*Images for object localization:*
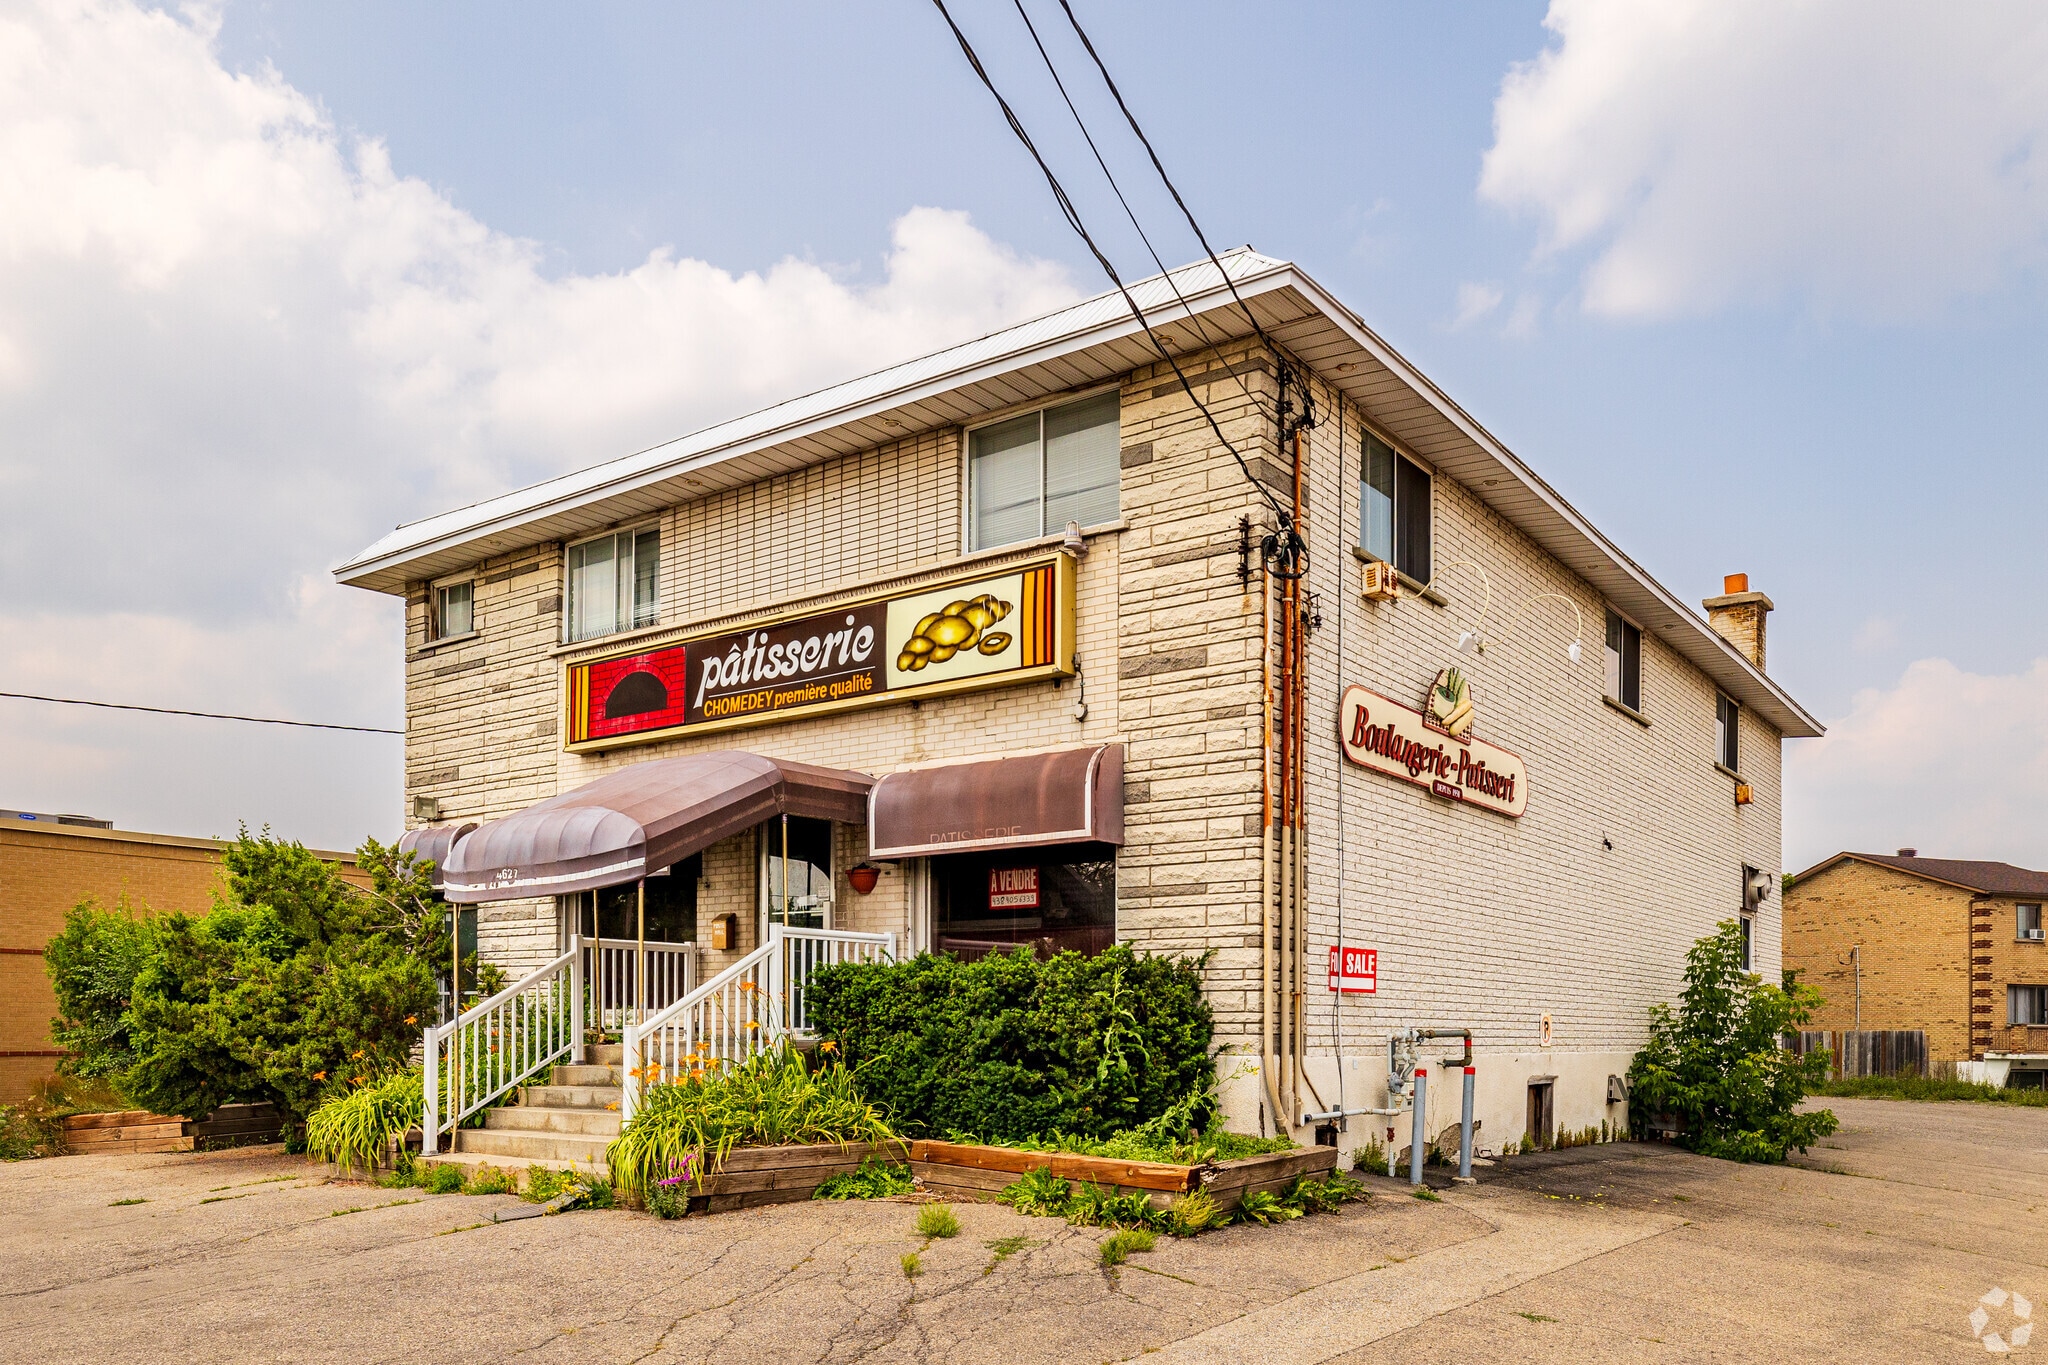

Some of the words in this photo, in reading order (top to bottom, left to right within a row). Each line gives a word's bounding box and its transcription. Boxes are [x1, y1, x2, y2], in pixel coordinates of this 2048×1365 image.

[693, 614, 875, 709] pâtisserie
[704, 690, 774, 717] CHOMEDEY
[774, 682, 827, 709] première
[829, 673, 872, 700] qualité
[991, 868, 998, 892] À
[1000, 868, 1037, 891] VENDRE
[1330, 951, 1340, 972] FO
[1346, 953, 1375, 975] SALE
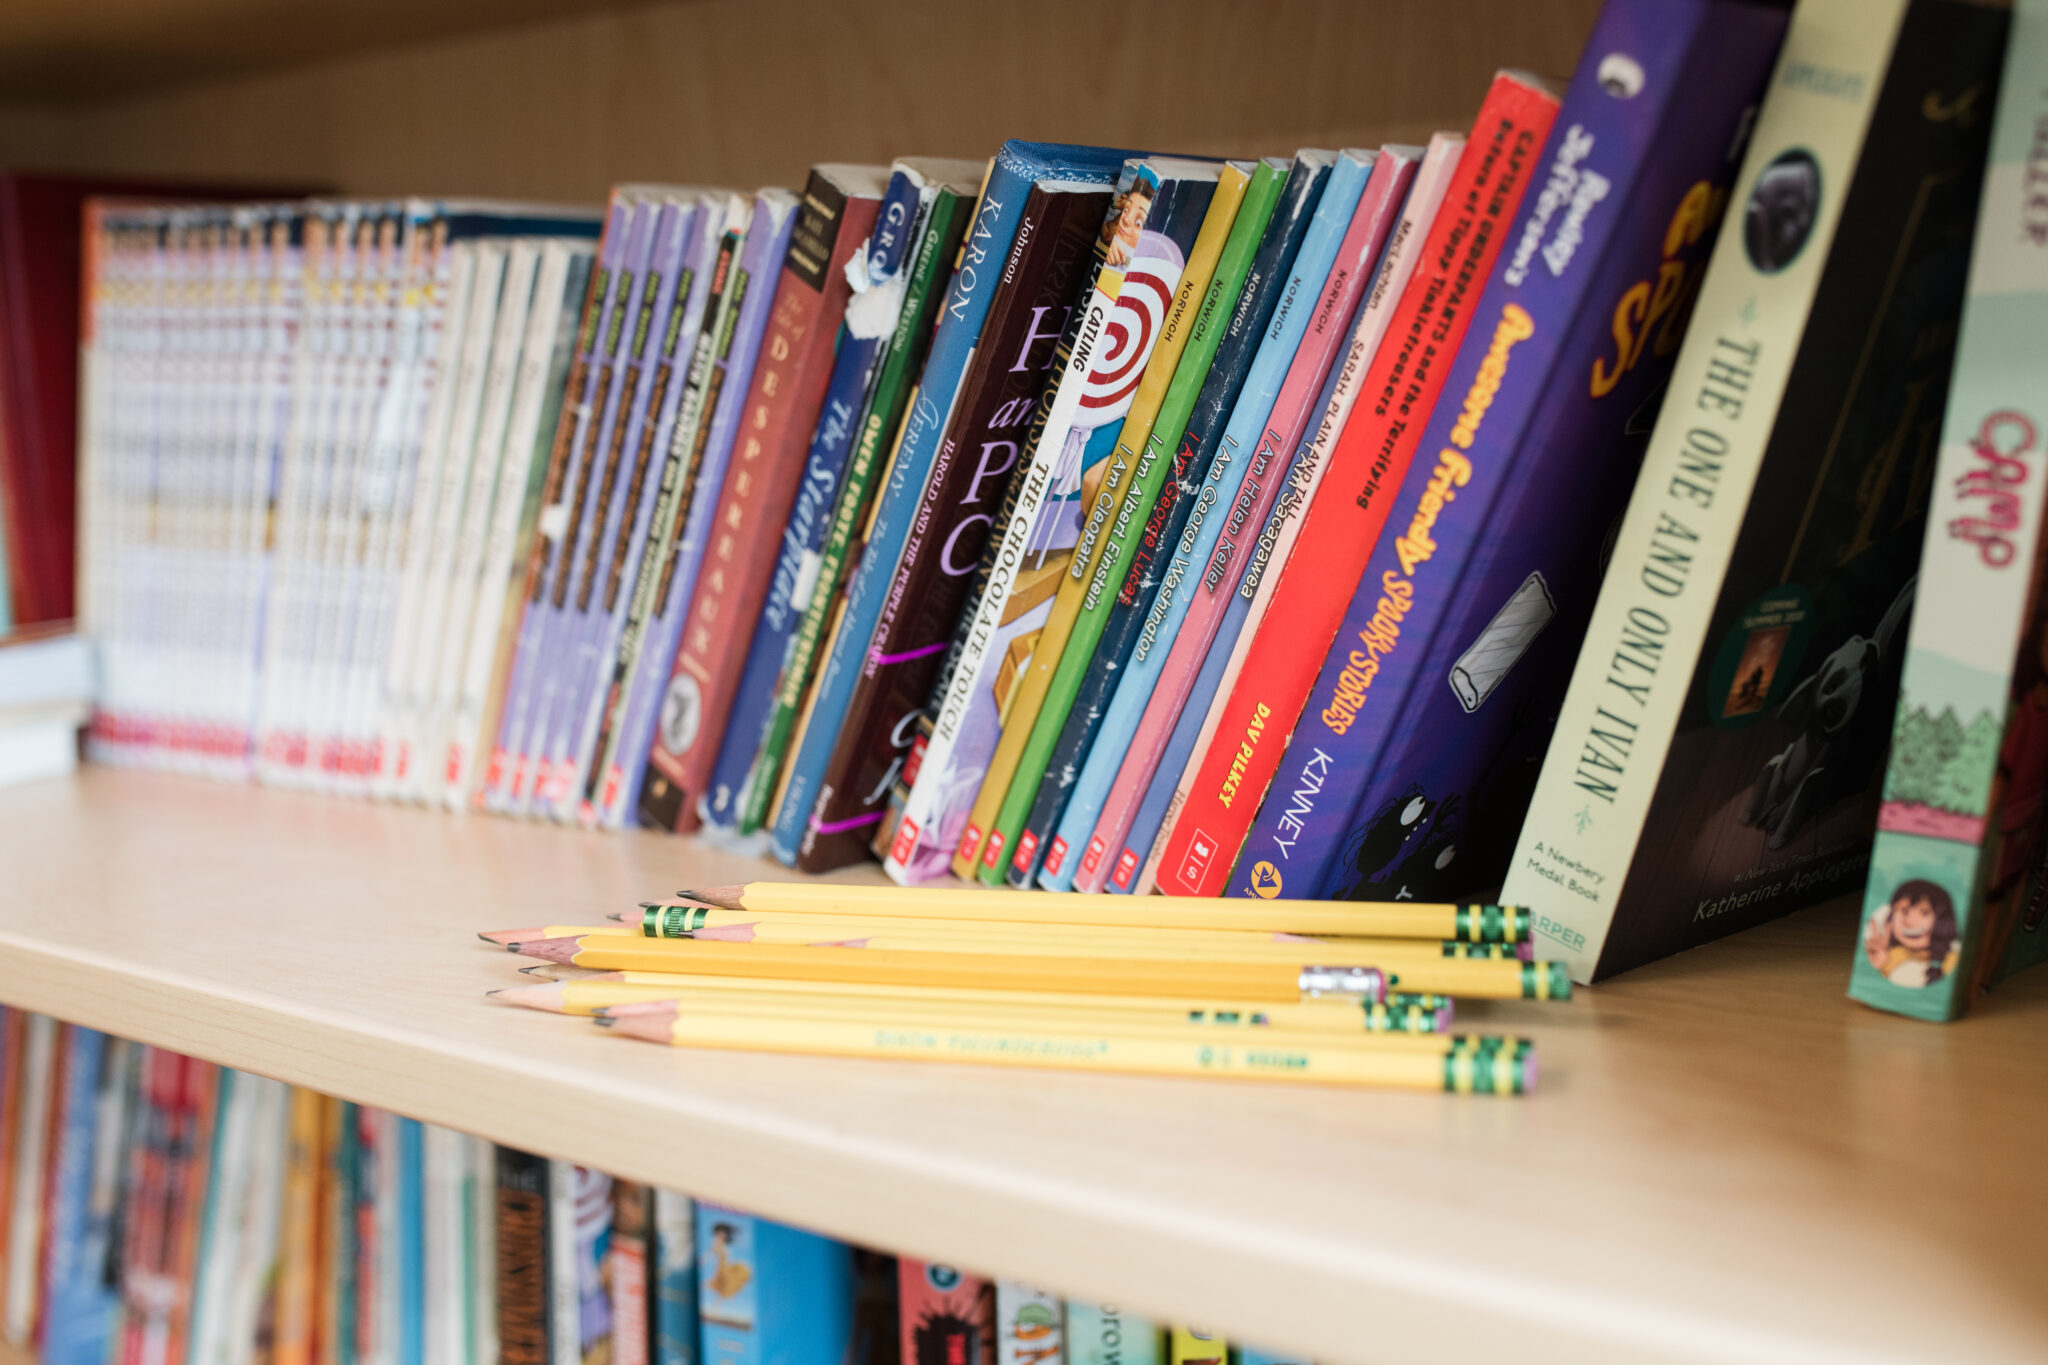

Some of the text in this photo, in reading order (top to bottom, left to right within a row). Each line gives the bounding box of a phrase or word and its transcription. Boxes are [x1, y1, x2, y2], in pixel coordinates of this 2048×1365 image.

[872, 201, 906, 267] GRO
[916, 229, 940, 282] GREENE
[949, 192, 1003, 323] KARON
[1003, 216, 1034, 285] Johnson
[1438, 215, 1473, 273] Tippy
[892, 297, 919, 352] WESTON
[1164, 280, 1194, 343] NORWICH
[1193, 279, 1224, 342] NORWICH
[1229, 272, 1262, 337] NORWICH
[1270, 276, 1302, 341] NORWICH
[1315, 269, 1348, 336] NORWICH
[1356, 130, 1533, 510] CAPTAIN UNDERPANTS and the Terrifying
[1074, 306, 1104, 372] CATLING
[1375, 276, 1446, 417] Tinkletrousers
[854, 413, 882, 477] OWEN
[987, 397, 1040, 429] an
[1288, 341, 1364, 519] SARAH, PLAIN AND TALL
[929, 437, 956, 501] HAROLD
[1022, 461, 1050, 514] THE
[915, 502, 933, 535] AND
[1071, 443, 1134, 579] I Am Cleopatra
[1084, 433, 1165, 612] I Am Albert Einstein
[1119, 431, 1201, 606] I Am George Lucas
[1205, 429, 1282, 595] I Am Helen Keller
[1321, 302, 1535, 736] Awesome Friendly SPOOKY STORIES
[904, 535, 923, 563] THE
[1135, 434, 1239, 663] I Am George Washington
[1240, 491, 1294, 599] Sacagawea
[1573, 335, 1763, 805] THE ONE AND ONLY IVAN
[886, 564, 911, 624] PURPLE
[968, 515, 1028, 662] CHOCOLATE
[940, 663, 975, 741] TOUCH
[1218, 701, 1271, 809] DAV PILKEY
[1273, 747, 1334, 859] KINNEY
[1527, 858, 1600, 904] Medal Book
[1534, 841, 1606, 885] A Newbery
[1531, 911, 1587, 949] ARPER
[1692, 881, 1783, 924] Katherine

*EXERCISE AIM:*
Hand back the records above exactly, leaving out every picture.

*OUTPUT:*
Some of the words in this photo, in reading order (top to bottom, left to right within a row). Each line gives a word's bounding box and its transcription. Boxes are [x1, y1, x2, y2], in pixel coordinates of this 2048×1365 image.

[693, 614, 875, 709] pâtisserie
[704, 690, 774, 717] CHOMEDEY
[774, 682, 827, 709] première
[829, 673, 872, 700] qualité
[991, 868, 998, 892] À
[1000, 868, 1037, 891] VENDRE
[1330, 951, 1340, 972] FO
[1346, 953, 1375, 975] SALE

Some of the text in this photo, in reading order (top to bottom, left to right within a row). Each line gives the bounding box of a phrase or word and its transcription. Boxes are [x1, y1, x2, y2], in pixel coordinates of this 2048×1365 image.

[872, 201, 906, 267] GRO
[916, 229, 940, 282] GREENE
[949, 192, 1003, 323] KARON
[1003, 216, 1034, 285] Johnson
[1438, 215, 1473, 273] Tippy
[892, 297, 919, 352] WESTON
[1164, 280, 1194, 343] NORWICH
[1193, 279, 1224, 342] NORWICH
[1229, 272, 1262, 337] NORWICH
[1270, 276, 1302, 341] NORWICH
[1315, 269, 1348, 336] NORWICH
[1356, 130, 1533, 510] CAPTAIN UNDERPANTS and the Terrifying
[1074, 306, 1104, 372] CATLING
[1375, 276, 1446, 417] Tinkletrousers
[854, 413, 882, 477] OWEN
[987, 397, 1040, 429] an
[1288, 341, 1364, 519] SARAH, PLAIN AND TALL
[929, 437, 956, 501] HAROLD
[1022, 461, 1050, 514] THE
[915, 502, 933, 535] AND
[1071, 443, 1134, 579] I Am Cleopatra
[1084, 433, 1165, 612] I Am Albert Einstein
[1119, 431, 1201, 606] I Am George Lucas
[1205, 429, 1282, 595] I Am Helen Keller
[1321, 302, 1535, 736] Awesome Friendly SPOOKY STORIES
[904, 535, 923, 563] THE
[1135, 434, 1239, 663] I Am George Washington
[1240, 491, 1294, 599] Sacagawea
[1573, 335, 1763, 805] THE ONE AND ONLY IVAN
[886, 564, 911, 624] PURPLE
[968, 515, 1028, 662] CHOCOLATE
[940, 663, 975, 741] TOUCH
[1218, 701, 1271, 809] DAV PILKEY
[1273, 747, 1334, 859] KINNEY
[1527, 858, 1600, 904] Medal Book
[1534, 841, 1606, 885] A Newbery
[1531, 911, 1587, 949] ARPER
[1692, 881, 1783, 924] Katherine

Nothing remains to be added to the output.